Who will verify that improvements in the workplace verification system or reductions in illegal immigration are occurring? The ICE, in concert with the U.S. Government Accountability Office, and private research contractors, could perform this work, and their findings should be presented publicly in congressionally mandated “certification” hearings to determine if the nation is actually making progress in bringing illegal immigration under control. If so, legalizations should proceed; if not, they should be suspended for a year, or revised in accordance with annual findings.
Conditional legalization has the added value of giving the executive leverage over Mexico, which has been anxious to see its citizens gain expanded access to the U.S. labor market. Under conditionality, the Executive would have a way of prodding Mexico to get involved in comprehensive border control, in conjunction with U.S. border forces, a form of bilateral cooperation that Mexico has long resisted. Knowing that the granting of permanent legal visas is contingent upon a verifiable reduction in illegal flows might end the “nod and a wink” approach Mexico has taken to illegal immigration and compel stronger, more pro-active measures to limit cross-border movements. In addition, Mexican illegal aliens seeking legalization would have to register with their own consulates, which would become responsible for assisting in the removal of aliens no longer deemed eligible for legalization.

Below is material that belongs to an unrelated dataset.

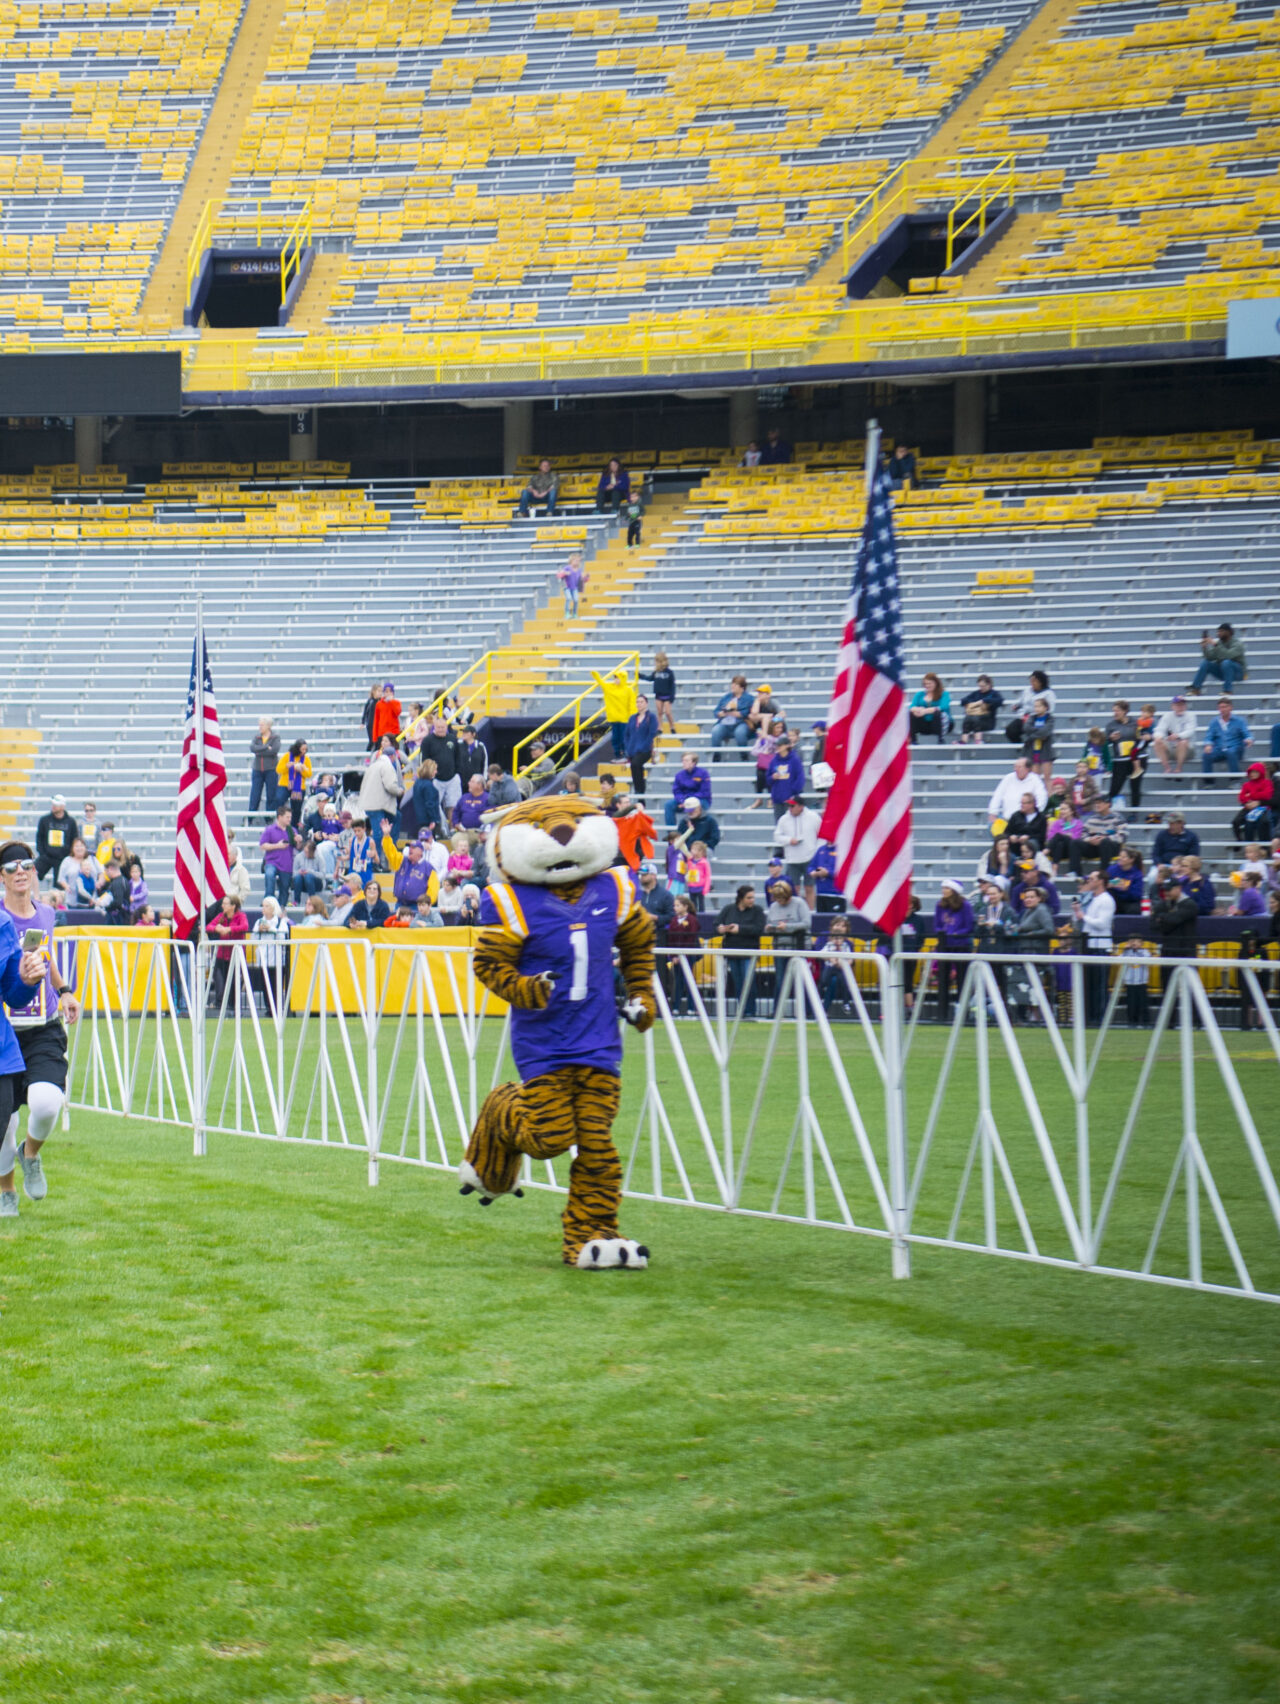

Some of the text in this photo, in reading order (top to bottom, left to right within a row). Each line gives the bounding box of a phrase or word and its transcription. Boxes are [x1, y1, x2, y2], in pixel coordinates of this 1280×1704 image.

In other words, the program envisioned here is no mere U.S. immigration plan. It is a bilateral approach that addresses the bilateral causes and dimensions of the problem. Mexico and the U.S. would likely have to sign an accord to make conditional legalization work. And well they should.
Some critics will contend that a conditional legalization program is inhuman or even discriminatory. However, our current immigration system is based on explicit selection criteria and there’s no reason not to use such explicit criteria, especially with those who aren’t here legally to begin with. Many illegal workers would be glad to register as temporary workers, with basic labor protections, and substantial freedom to move from employer to employer. And many would freely agree to return home, if the penalties for not doing so were severe, clearly spelled out, and agreed to in writing, and they had the opportunity to re-apply through the established legal immigration system.

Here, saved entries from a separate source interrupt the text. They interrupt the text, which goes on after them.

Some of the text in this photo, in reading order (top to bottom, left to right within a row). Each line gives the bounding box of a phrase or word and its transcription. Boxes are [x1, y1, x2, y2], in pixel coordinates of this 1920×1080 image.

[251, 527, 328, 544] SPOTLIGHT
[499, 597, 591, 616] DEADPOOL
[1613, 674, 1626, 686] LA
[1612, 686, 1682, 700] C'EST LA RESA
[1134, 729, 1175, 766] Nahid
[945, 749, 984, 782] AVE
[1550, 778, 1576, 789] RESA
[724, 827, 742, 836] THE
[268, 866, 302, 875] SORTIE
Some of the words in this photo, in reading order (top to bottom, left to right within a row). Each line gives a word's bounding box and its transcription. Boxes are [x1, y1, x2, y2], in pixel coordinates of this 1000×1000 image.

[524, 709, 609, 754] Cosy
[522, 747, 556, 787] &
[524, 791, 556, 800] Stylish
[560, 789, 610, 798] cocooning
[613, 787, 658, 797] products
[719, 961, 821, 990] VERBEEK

A restricted, conditional legalization program of this kind certainly won’t solve all the problems in the U.S. immigration system. It’s chiefly designed to allow our economy and society to adapt to an enormous flow of foreign labor over several decades in a manner that is consistent with our national policy goals, which include economic, political, and humanitarian considerations. Considerations of equity and sheer feasibility demand that we recognize that millions of illegal workers are here, contributing to our economy, and cannot be effectively removed. But that doesn’t mean every illegal with a job is entitled to keep it, or to stay in the U.S. to live. If we agree to this principle, we will never achieve a fully effective border and workplace enforcement program, and illegal immigration will never be brought under control.
Stewart J. Lawrence is a Washington, DC-based public policy analyst who writes frequently on immigration and Latino affairs. He is also founder and managing director of Puentes & Associates, Inc., a bilingual survey research and communications firm.